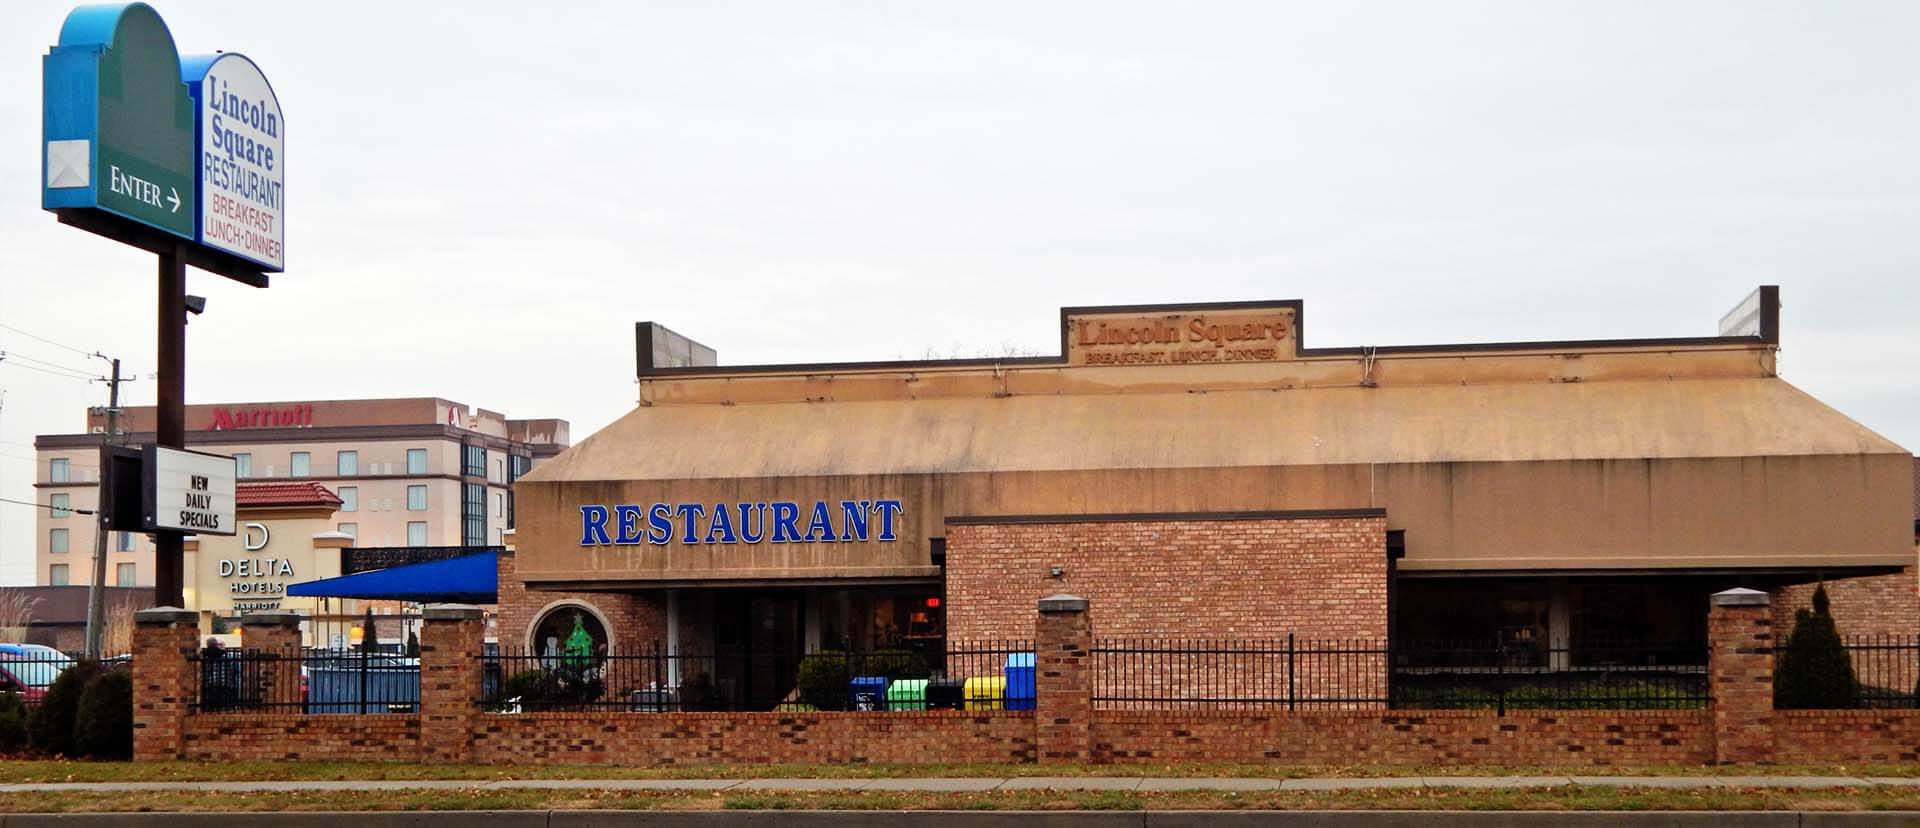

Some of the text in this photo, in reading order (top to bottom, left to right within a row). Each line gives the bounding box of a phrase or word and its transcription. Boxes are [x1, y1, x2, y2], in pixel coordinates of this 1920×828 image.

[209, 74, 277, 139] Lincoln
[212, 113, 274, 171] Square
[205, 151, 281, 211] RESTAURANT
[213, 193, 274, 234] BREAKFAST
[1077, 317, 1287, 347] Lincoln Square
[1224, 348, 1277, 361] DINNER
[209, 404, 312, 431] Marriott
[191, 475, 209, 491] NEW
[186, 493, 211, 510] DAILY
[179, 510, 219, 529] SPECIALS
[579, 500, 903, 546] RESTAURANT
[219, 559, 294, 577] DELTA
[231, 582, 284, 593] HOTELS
━━━━━━━━━━━━━━━━
Since only the text is needed, retype the data above exactly and omit the pictures.

Some of the text in this photo, in reading order (top to bottom, left to right within a row). Each line gives the bounding box of a phrase or word and its transcription. Boxes are [x1, y1, x2, y2], in pixel coordinates of this 1920×828 image.

[209, 74, 277, 139] Lincoln
[212, 113, 274, 171] Square
[205, 151, 281, 211] RESTAURANT
[213, 193, 274, 234] BREAKFAST
[1077, 317, 1287, 347] Lincoln Square
[1224, 348, 1277, 361] DINNER
[209, 404, 312, 431] Marriott
[191, 475, 209, 491] NEW
[186, 493, 211, 510] DAILY
[179, 510, 219, 529] SPECIALS
[579, 500, 903, 546] RESTAURANT
[219, 559, 294, 577] DELTA
[231, 582, 284, 593] HOTELS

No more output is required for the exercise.